Personal information
- Born: 17 August 1985 (age 40) Kapnyeberai, Kenya
- Height: 1.77 m (5 ft 10 in)
- Weight: 62 kg (137 lb)

Sport
- Country: France
- Sport: Athletics
- Event: Marathon

= Abraham Kiprotich =

Kenyan-French long-distance runner (born 1985)

Abraham Kiprotich (born 17 August 1985) is a Kenyan-French long-distance runner. At the 2012 Summer Olympics, he competed in the Men's marathon but did not finish.

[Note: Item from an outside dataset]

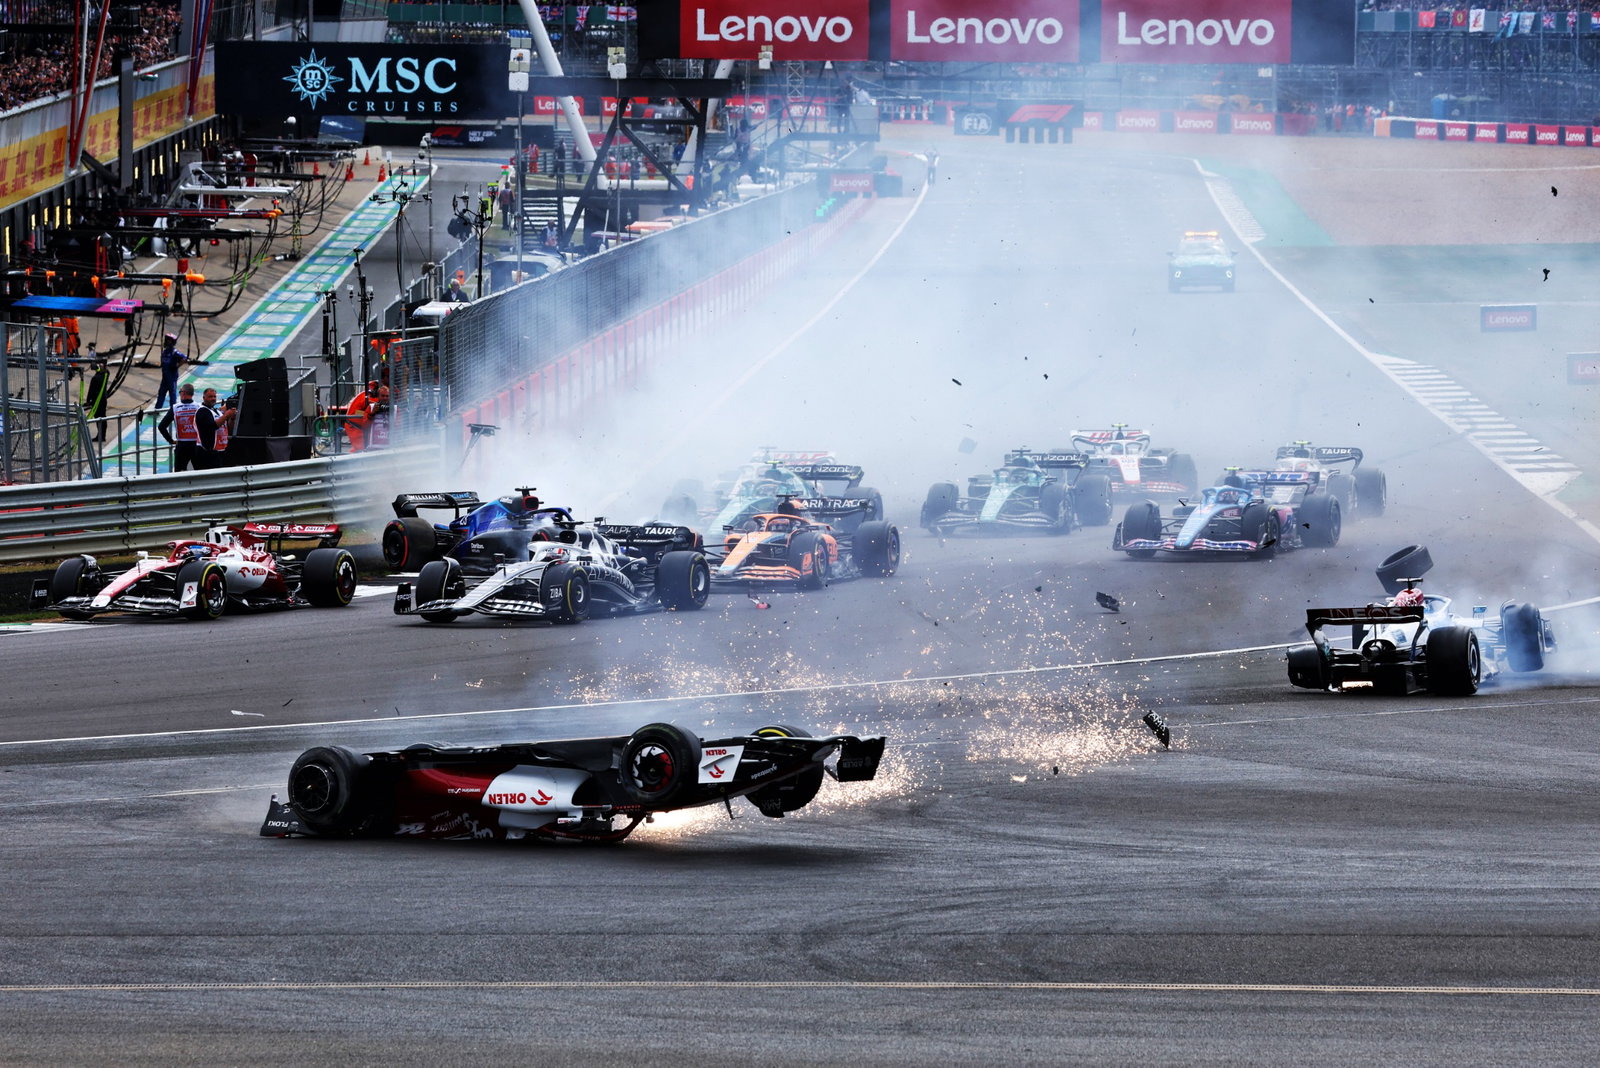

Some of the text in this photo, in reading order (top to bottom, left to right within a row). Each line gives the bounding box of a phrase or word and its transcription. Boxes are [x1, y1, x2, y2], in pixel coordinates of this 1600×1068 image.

Born in Kenya's Nandi County, when Kiprotich was just two years old his older brother, Paul Kipkoech, won the gold medal in the 10,000 metres at the 1987 World Championships in Athletics. Kipkoech died before Kiprotich had even reached his teenage years. Kiprotich started out as a track runner and in 2005 he set personal bests of 8:03.25 minutes for the 3000 metres, 13:59.63 minutes for the 5000 metres, as well as a road best of 29:43 minutes for the 10K run. He took up the 3000 metres steeplechase and gradually improved over the following years to achieve a personal best of 8:36.00 minutes in 2008. That year he also won the 10 km de Clermont Ferrand in a personal best time of 28:41 minutes. Another best time of 28:29 minutes came in winning the 10 km event at the Lille Half Marathon.

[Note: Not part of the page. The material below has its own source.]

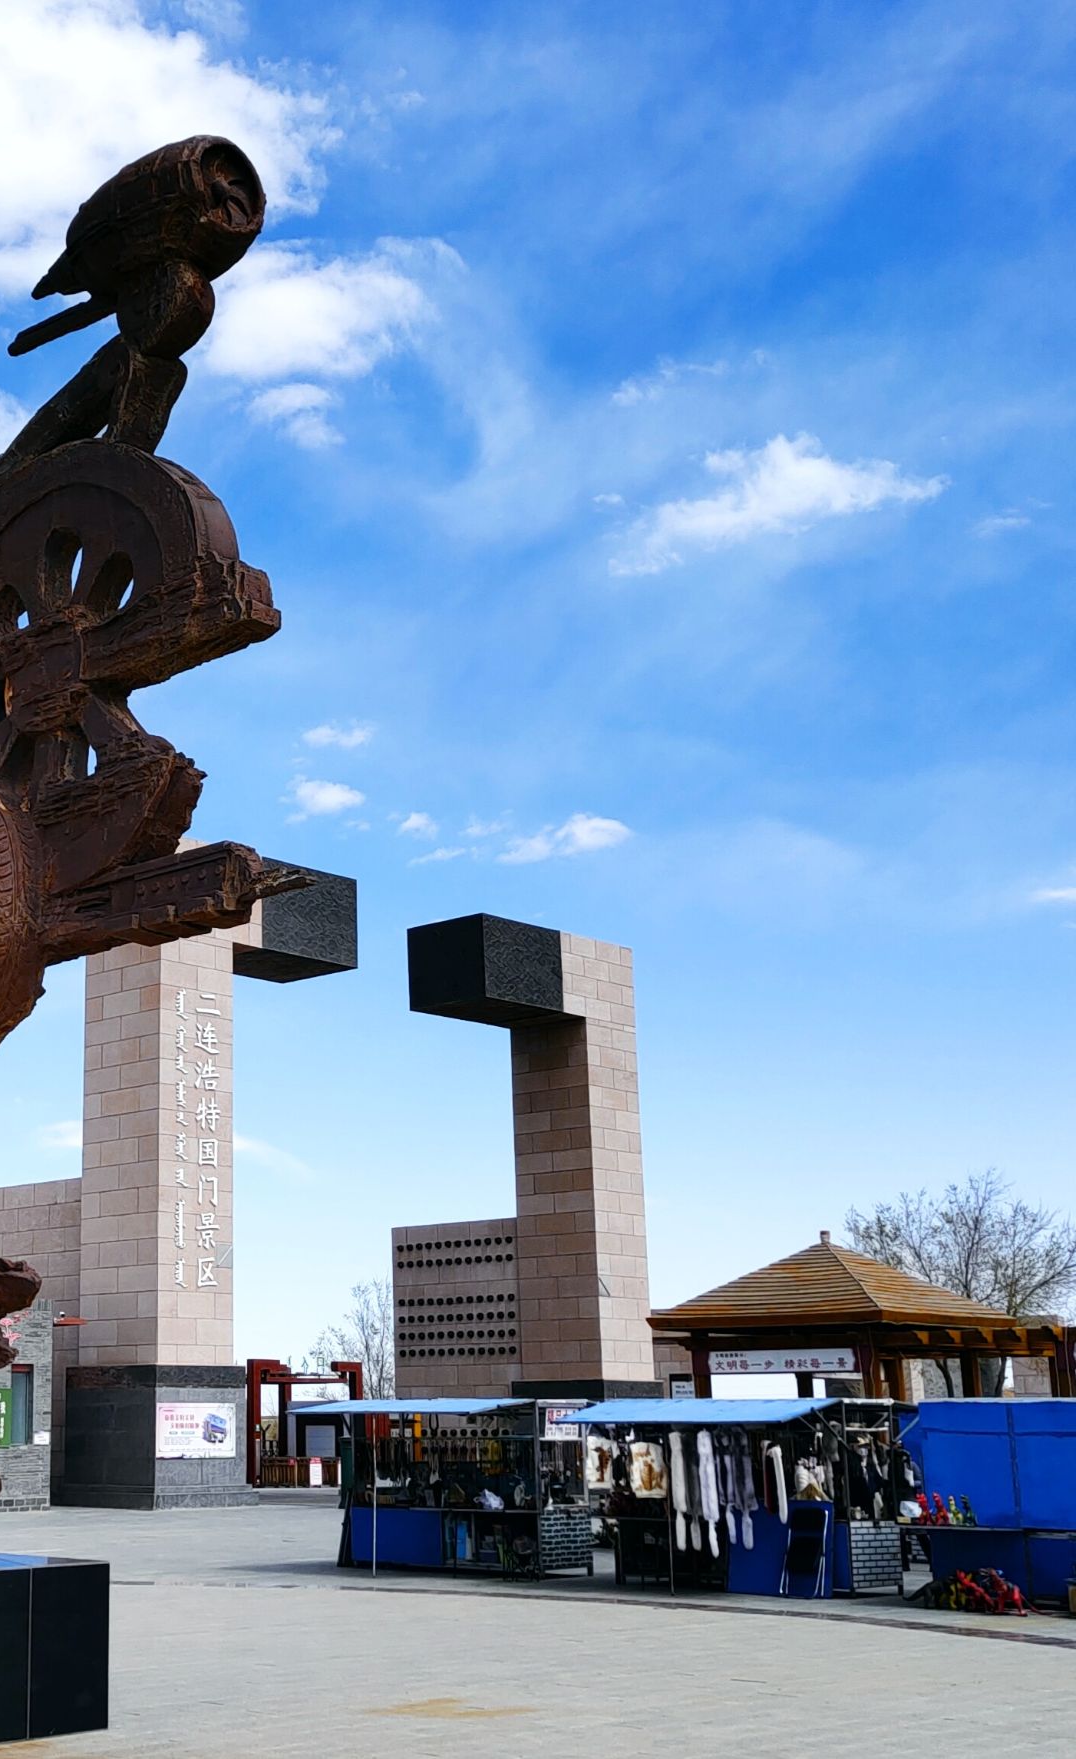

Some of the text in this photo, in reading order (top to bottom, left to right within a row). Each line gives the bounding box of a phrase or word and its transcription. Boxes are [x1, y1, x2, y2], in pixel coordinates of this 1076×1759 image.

[194, 994, 222, 1288] 二连浩特国门景区
[715, 1359, 775, 1371] 文明每一步

Kiprotich began running longer distances in 2010 and finished in the top eight at the Boulogne-Billancourt Half Marathon and the Marseille-Cassis Classique Internationale. Having served in the French Foreign Legion and lived in the country for several years, Kiprotich gained French citizenship and began to compete for his adopted nation. He made a career breakthrough at the 2012 Düsseldorf Marathon, running a time of 2:08:35 to finish eight seconds behind the winner and placed third. He was the second ranked French runner after fellow African-born marathoner Patrick Tambwé and was selected for the 2012 Summer Olympics. However, he failed to finish at the Men's Olympic Marathon, as did his compatriots Tambwé and Abdellatif Meftah.

He finished outside the top ten at the 2013 Tiberias Marathon but he topped the podium at the Daegu Marathon on 14 April 2013, beating Boniface Mvubi to win in a personal best of 2:08:33 hours. On 17 November 2013 he won the Istanbul Marathon with a time of 2:12:28. On 10 February 2018 he won the Lagos Marathon, finishing the race in a time of 2 hours, 13 minutes and 4 seconds.

== Doping Case ==
On 30 December 2013 it was announced that Kiprotich had failed a drug test directly after his Istanbul Marathon win, having returned a positive result for erythropoietin (EPO) in a urine sample. The leading French sports journal l'Equipe reported that this adverse finding, which related to his 'A' sample, surprised no-one, and would confirm - if the 'B' sample also proved positive - a suspicion in French athletic circles that Kiprotich was the athlete referred to on 17 April 2013 at a French senatorial anti-doping enquiry, when the president and technical director of the Fédération Française d'Athlétisme both noted that a French marathon runner who had won in Daegu had competed while subject to a two-week suspension for breaches of their medical surveillance regime.

The positive test was subsequently confirmed by the B sample. Kiprotich was stripped of his Istanbul Marathon title and given a two-year ban from competition.